C’est en 2012 que Joe Carnahan commence à développer pour la 20th Century Fox un long-métrage audacieux qui porte alors comme titre Continue. Le réalisateur de L’Agence tout risque et Le Territoire des loups définit à l’époque ce projet comme un film d’action musclé qui reprendrait à son compte la mécanique d’Un jour sans fin. Dès le début, Carnahan souhaite confier le rôle principal à Frank Grillo (interprète de Crossbones dans le Marvel Cinematic Universe). Mais le studio Fox n’est pas emballé et passe finalement son tour. C’est le début d’une longue traversée du désert au cours de laquelle le projet ne cesse d’être repoussé. Les choses ne redémarrent que cinq ans plus tard, lorsque Mel Gibson (qui avait déjà collaboré avec Frank Grillo sur Hors de contrôle) est annoncé dans le rôle de l’antagoniste principal. Le film trouve alors son titre définitif : Boss Level. En 2018, le casting se complète avec deux autres têtes d’affiche : Naomi Watts en ex-femme du héros et Michelle Yeoh dans un rôle secondaire mais déterminant. Carnahan parvient à réunir un budget de 45 millions de dollars, cette enveloppe confortable lui permettant de saturer le film d’effets spéciaux, de cascades, de pyrotechnie, de poursuites de voitures, de fusillades et de combats. Même après son tournage, Boss Level continue d’être retardé. Des complications sans fin liées à sa distribution ne lui permettent d’être exploité qu’en 2021, en DVD, sur la plateforme Hulu puis sur Prime Vidéo. Qu’un film reposant sur la boucle temporelle ait été victime de tant de contretemps ne manque pas d’ironie.

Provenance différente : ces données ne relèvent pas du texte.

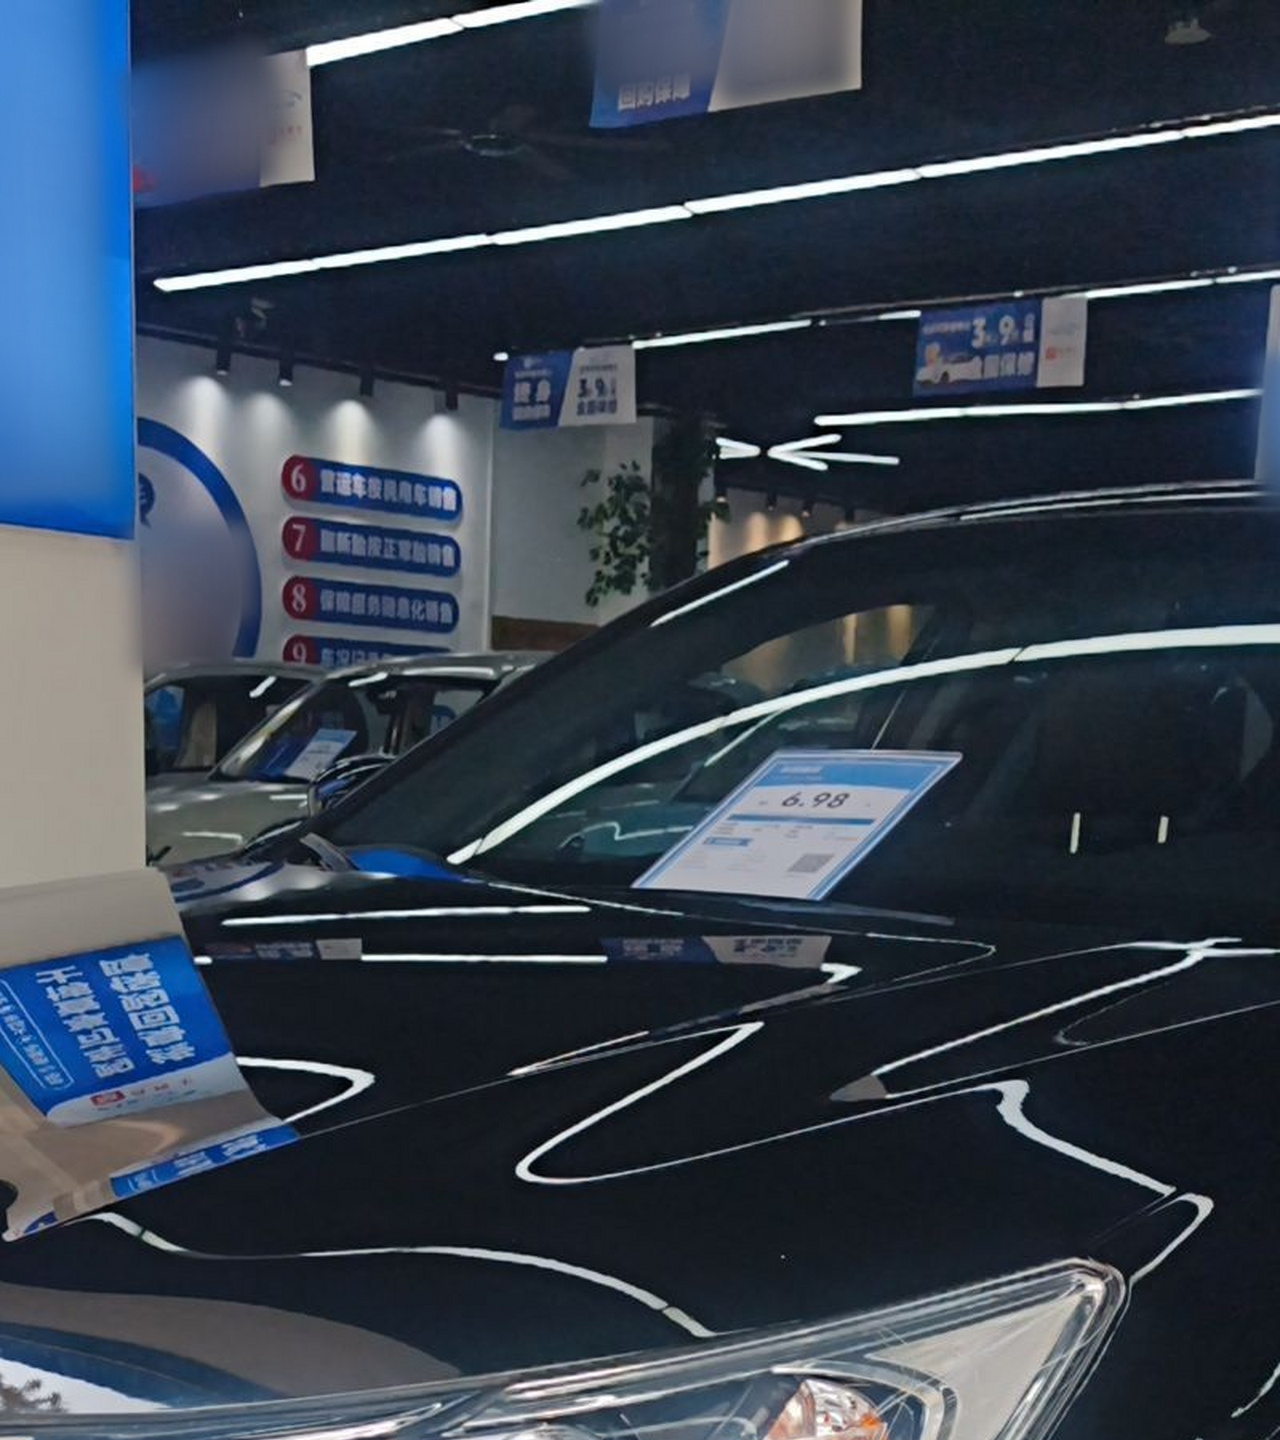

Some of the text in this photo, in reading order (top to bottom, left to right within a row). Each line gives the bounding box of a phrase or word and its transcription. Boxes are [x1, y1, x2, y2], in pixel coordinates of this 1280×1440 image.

Boss Level ne s’embarrasse pas d’un long prologue explicatif. Dès les premières secondes, la violence et la destruction explosent à l’écran. C’est donc dans le feu de l’action que le spectateur découvre le concept du film, guidé par la voix off désabusée du héros qui se débarrasse d’un agresseur armé d’une machette et évite les tirs de mitrailleuse d’un hélicoptère tout en sirotant son café. Roy Pulver (Frank Grillo donc), ancien membre de la Delta Force, revit sans cesse la même journée au cours de laquelle une horde de tueurs psychopathes armés jusqu’aux dents s’emploient systématiquement à le faire passer de vie à trépas. Chaque fois qu’il meurt, la journée recommence. Pour comprendre la nature de ce phénomène incompréhensible qui le coince dans la même boucle et savoir qui veut sa peau, Roy va devoir se pencher de près sur les expériences scientifiques top-secrètes que mène son ex-femme Jemma (Naomi Watts) sous la direction du mystérieux colonel Ventor (Mel Gibson)…

Plaisir coupable ?

Depuis Un jour sans fin, le concept de la journée qui bégaye a été accommodé à tellement de sauces (Source Code, Edge of Tomorrow, Naked, Happy Birthdead) qu’il semble forcément difficile d’innover en ce domaine. Assumant pleinement l’aspect répétitif de cette mécanique narrative devenue familière du public, Joe Carnahan et ses coscénaristes Chris et Eddie Borey la ramènent à sa source la plus évidente : le jeu vidéo qui consiste à « mourir et réessayer » tout en avançant dans sa mission jusqu’à affronter l’obstacle final, autrement dit le « boss ». Les références directes à l’univers vidéoludique s’affirment à travers le titre même du film, le traitement graphique pixellisé de son générique et plusieurs séquences situées dans un game center. Pour autant, Boss Level ne surligne pas l’influence, pas plus qu’il ne s’amuse à cligner de l’œil vers le public pour le rendre artificiellement complice. Les – très – nombreuses séquences d’action explosives s’enchaînent avec une générosité excessive qui compense l’absence de finesse du film. Un peu idiot, un peu bourrin, Boss Level ne place pas ses ambitions très haut mais déborde d’énergie, porté par la gouaille et l’abatage de Frank Grillo qui crève l’écran avec son visage buriné, son corps d’athlète et son sourire en coin. Fatalement, les autres comédiens restent en retrait, même Gibson malgré son charisme resté intact. Boss Level ne rend peut-être pas plus intelligent mais offre à ses spectateurs une satisfaction régressive très euphorisante. C’est sans doute ce qu’on appelle un « plaisir coupable ».